A Câmara Municipal de Lisboa quer avançar com um concurso extraordinário do Programa de Renda Acessível (PRA), dirigido a residentes na cidade com idade igual ou superior a 60 anos e rendimentos anuais entre 6.445 euros e cerca de 12 mil euros.
A proposta, apresentada pelo vereador da Habitação, Vasco Moreira Rato, vai ser votada na reunião pública do executivo municipal da próxima quarta-feira, de acordo com o Observador.
Iniciativa destina-se a agregados excluídos dos programas de habitação municipal
Segundo o documento, citado pelo jornal, a iniciativa destina-se a agregados familiares que ficam excluídos dos atuais programas de habitação municipal por não cumprirem os rendimentos mínimos exigidos pelo PRA, e por não reunirem condições para aceder ao Programa de Arrendamento Apoiado (PAA), destinado a famílias de baixos rendimentos.

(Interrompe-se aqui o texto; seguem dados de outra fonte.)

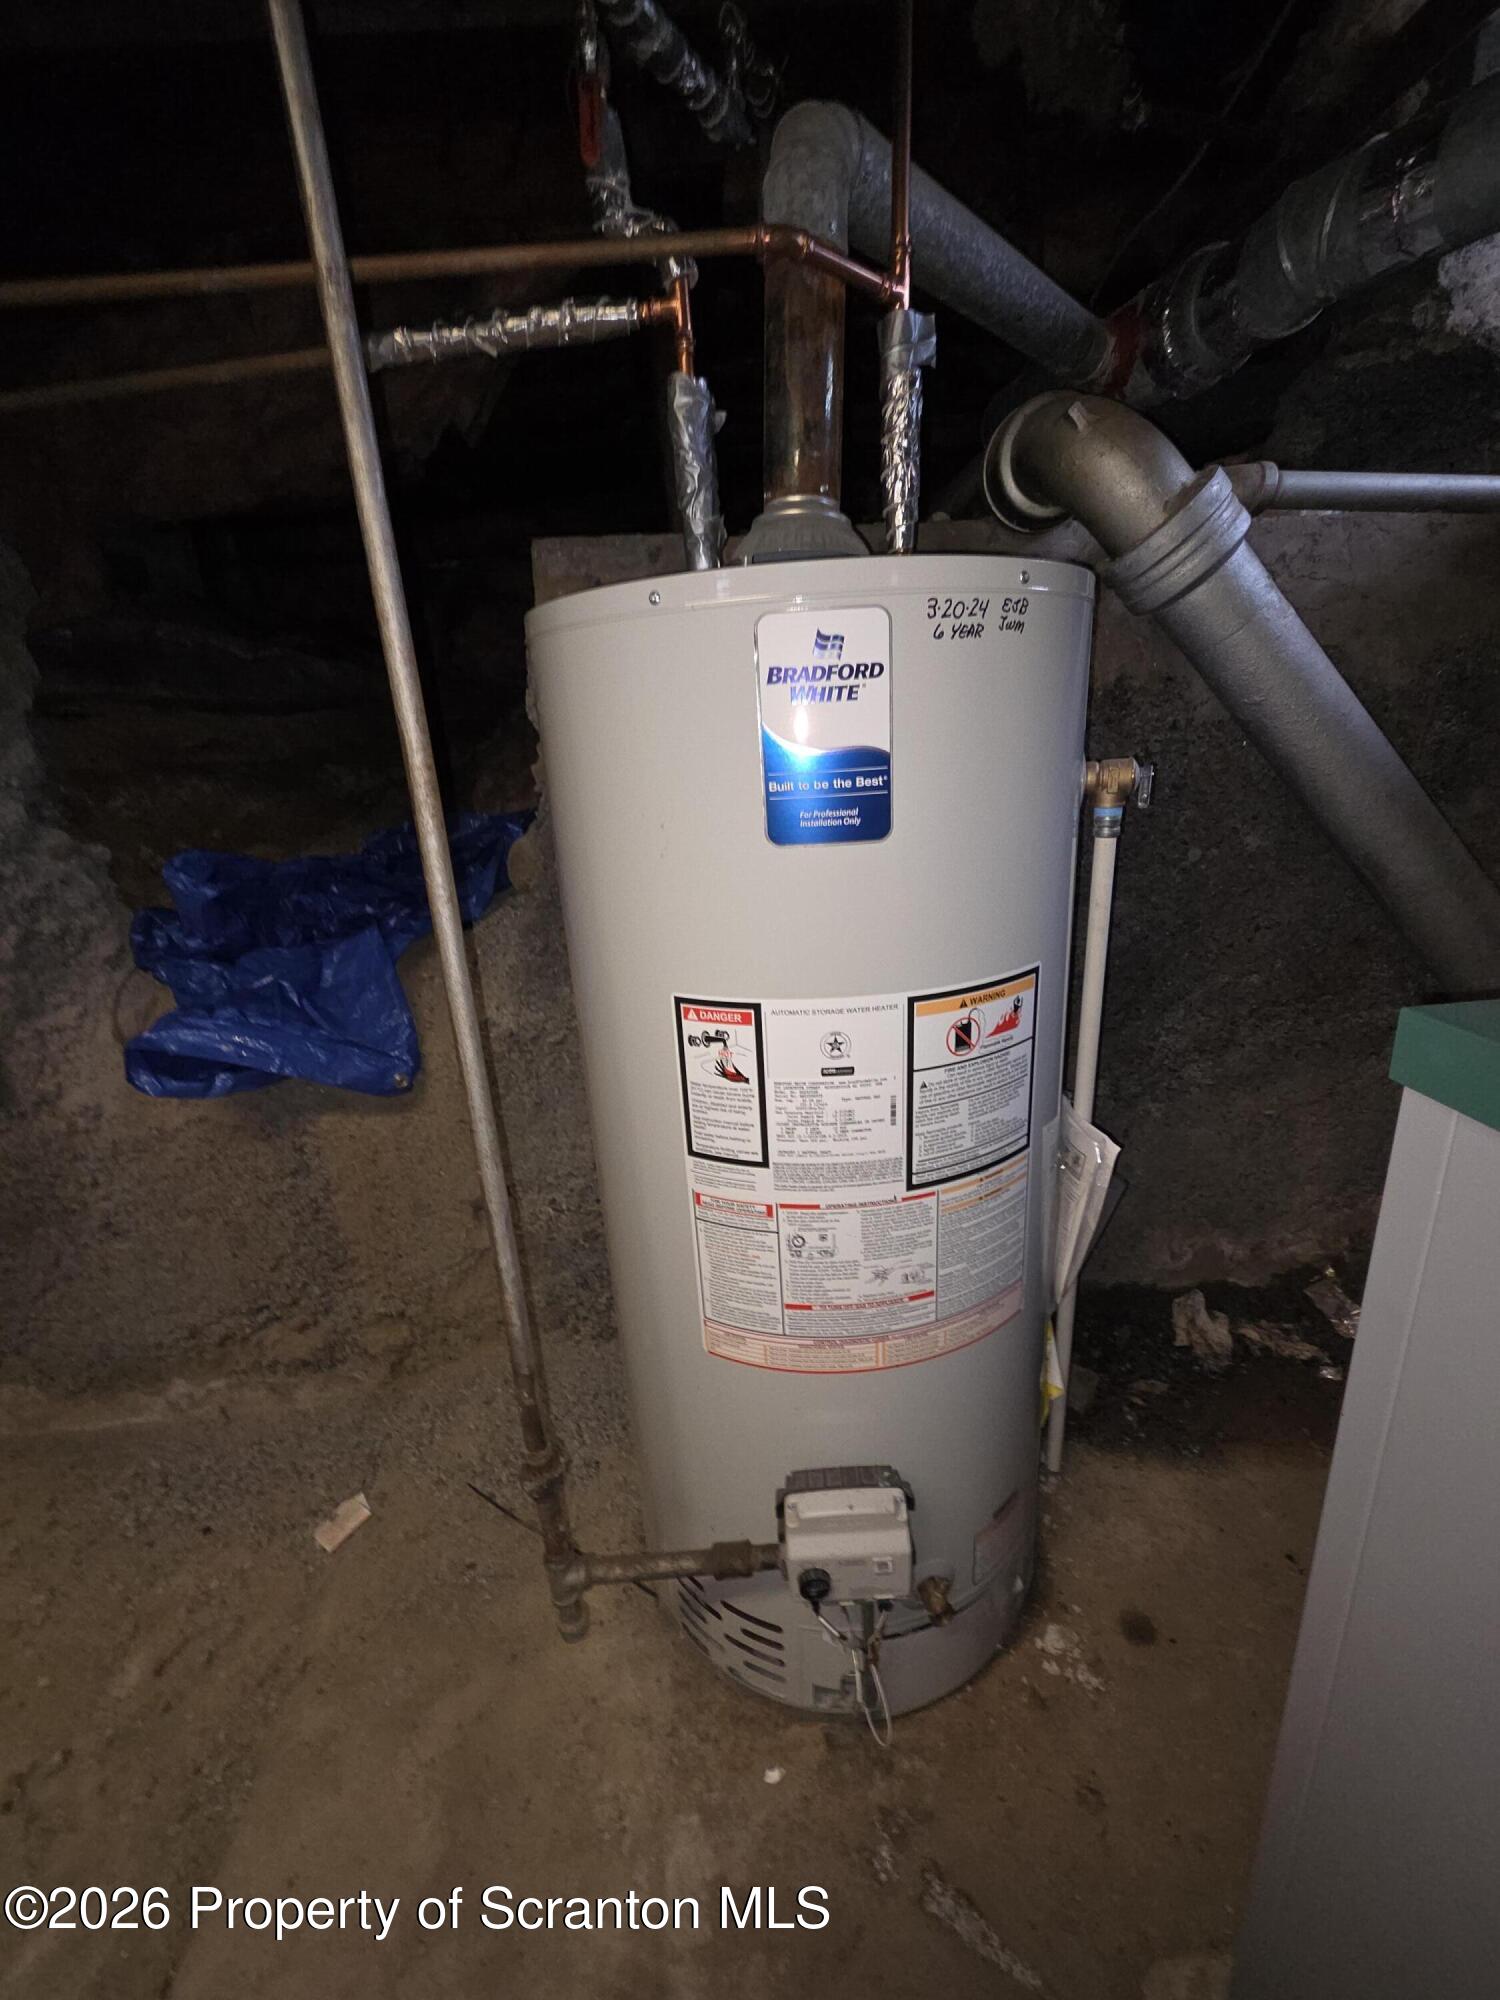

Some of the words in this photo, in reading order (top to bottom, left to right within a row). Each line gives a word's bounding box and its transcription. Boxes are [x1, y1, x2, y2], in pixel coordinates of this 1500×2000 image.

[933, 622, 945, 640] 6
[950, 622, 985, 640] YEAR
[766, 662, 885, 685] BRADFORD
[789, 684, 860, 705] WHITE
[768, 781, 794, 792] Built
[798, 780, 809, 791] to
[813, 780, 829, 790] be
[833, 778, 852, 789] the
[800, 810, 812, 819] For
[813, 806, 859, 819] Professional
[800, 817, 842, 828] Installation
[843, 816, 861, 827] Only
[969, 989, 1006, 1005] WARNING
[699, 1010, 743, 1023] DANGER
[771, 1008, 810, 1017] AUTOMATIC
[812, 1008, 844, 1016] STORAGE
[846, 1006, 870, 1014] WATER
[872, 1003, 899, 1012] HEATER

“O objetivo é proteger as pessoas de idade mais avançada que, face às condições atuais do mercado e aos preços praticados, não conseguem encontrar alternativa habitacional na cidade de Lisboa”, refere o vereador na proposta.
Para Vasco Moreira Rato, a criação de uma resposta direcionada para a população sénior é “essencial” para complementar os programas existentes e garantir uma solução adequada para quem enfrenta maiores dificuldades no acesso à habitação.
Domicílio fiscal em Lisboa é um dos critérios dos candidatos
A proposta destaca ainda que o regime jurídico do arrendamento urbano prevê mecanismos de proteção para arrendatários idosos, o que tem contribuído para uma maior relutância de proprietários privados em celebrar novos contratos com pessoas próximas dos 65 anos.
Além do critério da idade, os candidatos terão de possuir domicílio fiscal em Lisboa. O rendimento anual mínimo do agregado deverá ser de 6.445,56 euros, enquanto o limite máximo será definido de acordo com a composição do agregado, seguindo os critérios atualmente aplicados no PRA.
Renda será calculada através da aplicação de taxa de esforço de 23% sobre o rendimento global do agregado
A renda será calculada através da aplicação de uma taxa de esforço de 23% sobre o rendimento global do agregado, com bonificações adicionais para famílias com dependentes.
A aprovação da proposta é considerada praticamente garantida, uma vez que a coligação PSD/CDS-PP/IL, liderada por Carlos Moedas, tem de maioria absoluta no executivo.